▶ _Problem to solve_
Omitting the pictures, print every line below exactly as it stands.

---*---

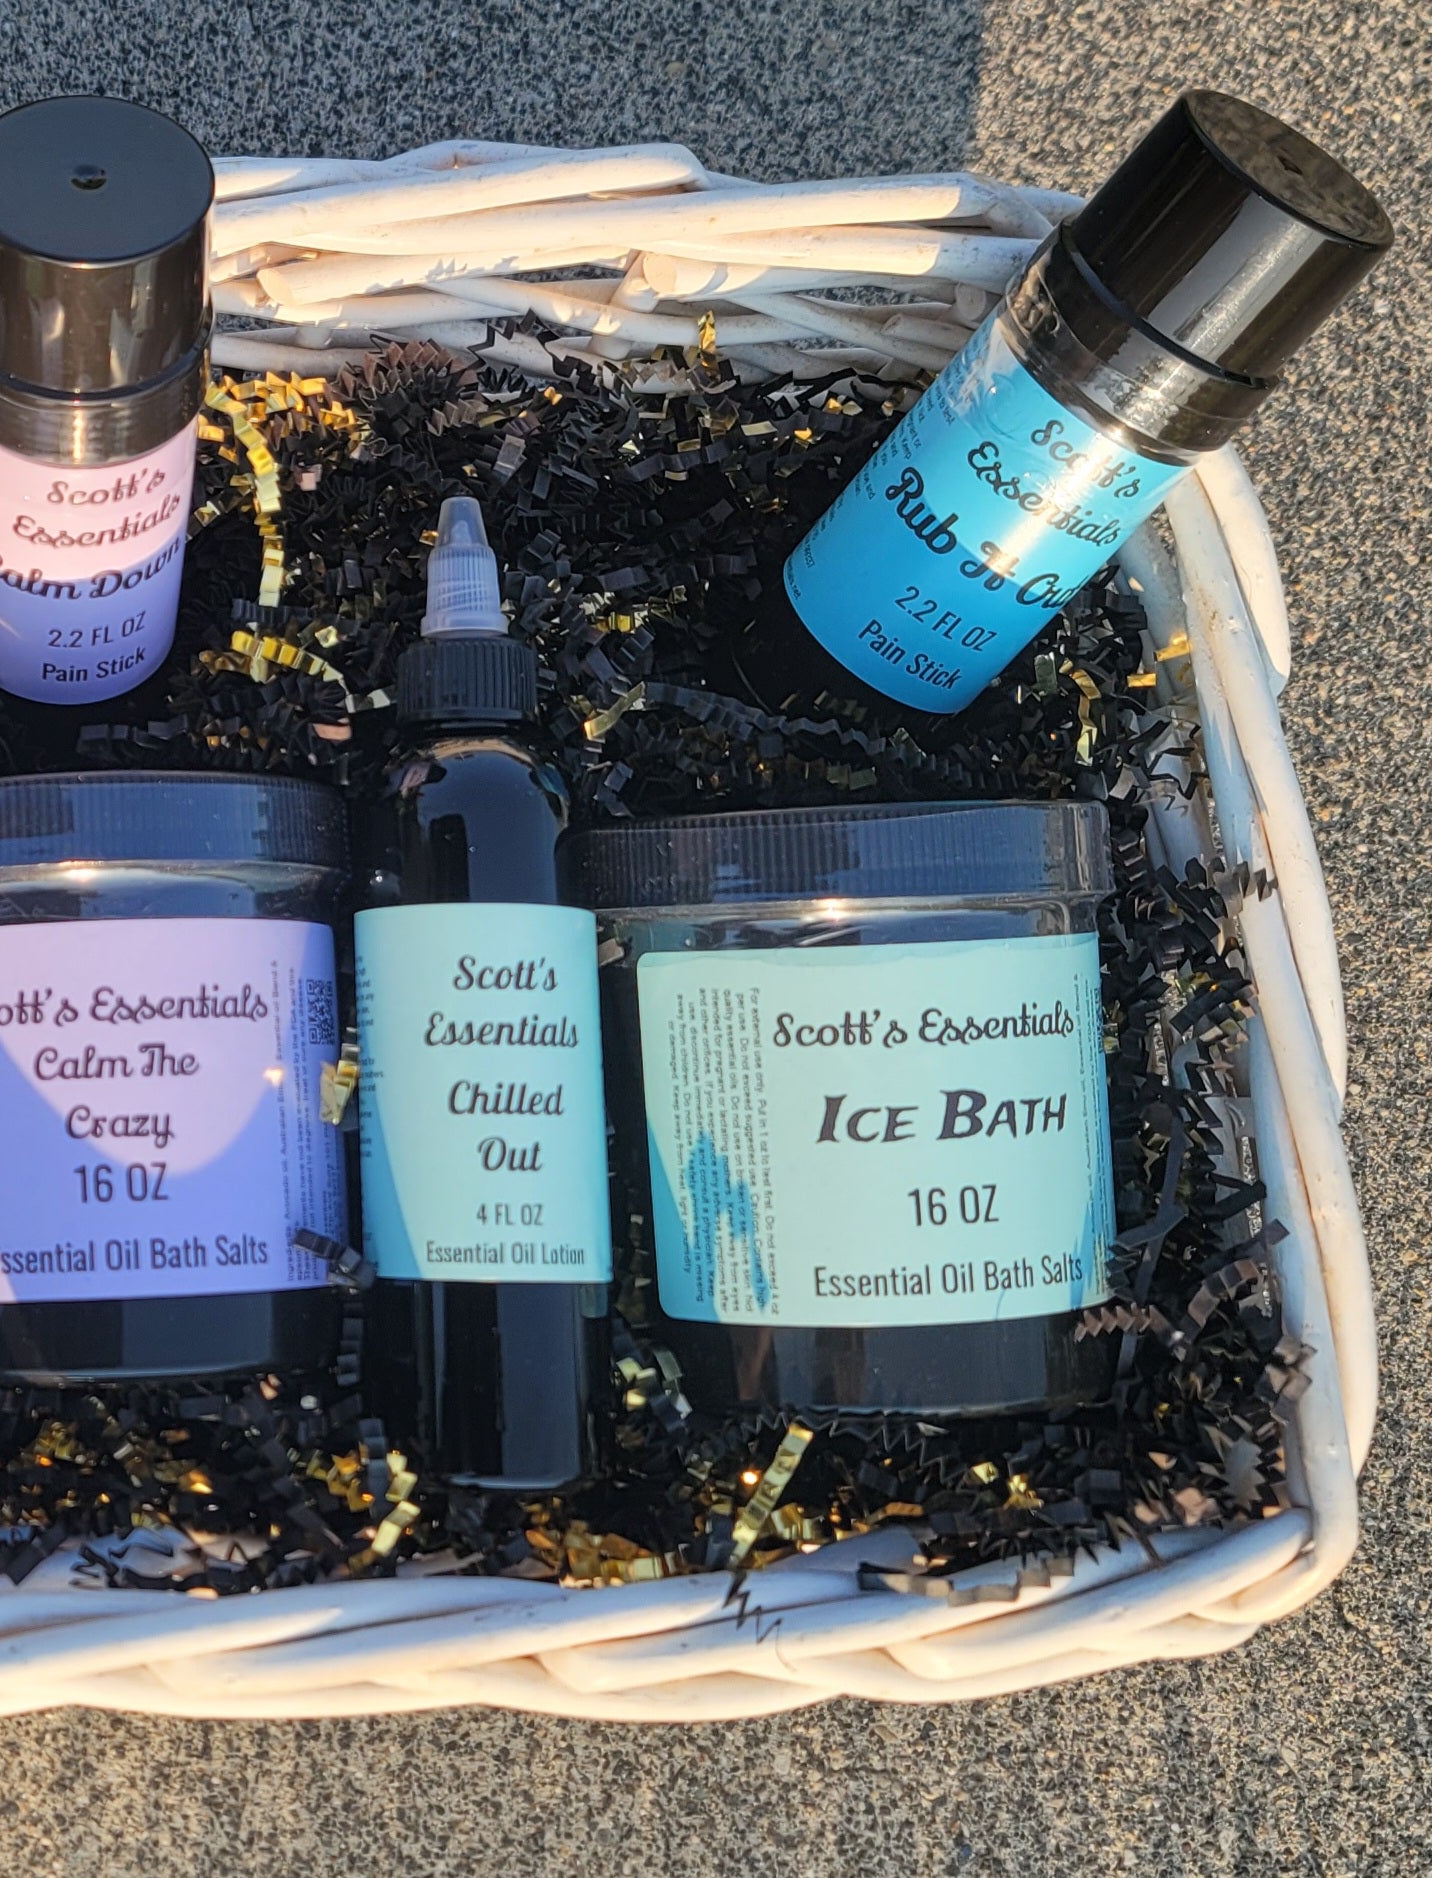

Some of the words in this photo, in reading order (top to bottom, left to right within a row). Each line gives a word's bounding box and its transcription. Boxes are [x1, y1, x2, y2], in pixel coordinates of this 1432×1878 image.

[1030, 419, 1140, 498] Scott's
[47, 468, 165, 505] Scott's
[968, 441, 1118, 547] Essentials
[13, 494, 180, 549] Essentials
[885, 467, 959, 556] Rub
[89, 537, 180, 598] Down
[48, 629, 82, 648] 2.2
[92, 626, 113, 646] FL
[122, 611, 146, 637] OZ
[894, 585, 937, 623] 2.2
[934, 612, 964, 639] FL
[962, 626, 997, 652] OZ
[42, 663, 87, 682] Pain
[95, 646, 146, 678] Stick
[858, 619, 909, 665] Pain
[905, 653, 964, 691] Stick
[452, 955, 558, 992] Scott's
[89, 983, 268, 1024] Essentials
[749, 987, 760, 1005] For
[424, 1011, 579, 1048] Essentials
[772, 1009, 908, 1049] Scott's
[918, 1000, 1075, 1047] Essentials
[33, 1046, 133, 1082] Calm
[139, 1043, 199, 1078] The
[448, 1079, 565, 1116] Chilled
[64, 1103, 175, 1149] Crazy
[477, 1136, 543, 1173] Out
[74, 1164, 114, 1204] 16
[125, 1162, 169, 1202] OZ
[476, 1203, 487, 1223] 4
[495, 1203, 514, 1226] FL
[521, 1203, 543, 1226] OZ
[907, 1187, 947, 1227] 16
[959, 1184, 1000, 1225] OZ
[105, 1239, 140, 1271] Oil
[151, 1237, 206, 1269] Bath
[215, 1235, 268, 1267] Salts
[426, 1240, 504, 1264] Essential
[511, 1241, 535, 1264] Oil
[542, 1242, 585, 1265] Lotion
[814, 1265, 932, 1299] Essential
[942, 1262, 975, 1294] Oil
[984, 1258, 1035, 1291] Bath
[1041, 1252, 1083, 1286] Salts

---*---

▶ _Answer box_
Some of the words in this photo, in reading order (top to bottom, left to right within a row). Each line gives a word's bounding box and its transcription. Boxes are [x1, y1, x2, y2], in pixel coordinates of this 1432×1878 image.

[1030, 419, 1140, 498] Scott's
[47, 468, 165, 505] Scott's
[968, 441, 1118, 547] Essentials
[13, 494, 180, 549] Essentials
[885, 467, 959, 556] Rub
[89, 537, 180, 598] Down
[48, 629, 82, 648] 2.2
[92, 626, 113, 646] FL
[122, 611, 146, 637] OZ
[894, 585, 937, 623] 2.2
[934, 612, 964, 639] FL
[962, 626, 997, 652] OZ
[42, 663, 87, 682] Pain
[95, 646, 146, 678] Stick
[858, 619, 909, 665] Pain
[905, 653, 964, 691] Stick
[452, 955, 558, 992] Scott's
[89, 983, 268, 1024] Essentials
[749, 987, 760, 1005] For
[424, 1011, 579, 1048] Essentials
[772, 1009, 908, 1049] Scott's
[918, 1000, 1075, 1047] Essentials
[33, 1046, 133, 1082] Calm
[139, 1043, 199, 1078] The
[448, 1079, 565, 1116] Chilled
[64, 1103, 175, 1149] Crazy
[477, 1136, 543, 1173] Out
[74, 1164, 114, 1204] 16
[125, 1162, 169, 1202] OZ
[476, 1203, 487, 1223] 4
[495, 1203, 514, 1226] FL
[521, 1203, 543, 1226] OZ
[907, 1187, 947, 1227] 16
[959, 1184, 1000, 1225] OZ
[105, 1239, 140, 1271] Oil
[151, 1237, 206, 1269] Bath
[215, 1235, 268, 1267] Salts
[426, 1240, 504, 1264] Essential
[511, 1241, 535, 1264] Oil
[542, 1242, 585, 1265] Lotion
[814, 1265, 932, 1299] Essential
[942, 1262, 975, 1294] Oil
[984, 1258, 1035, 1291] Bath
[1041, 1252, 1083, 1286] Salts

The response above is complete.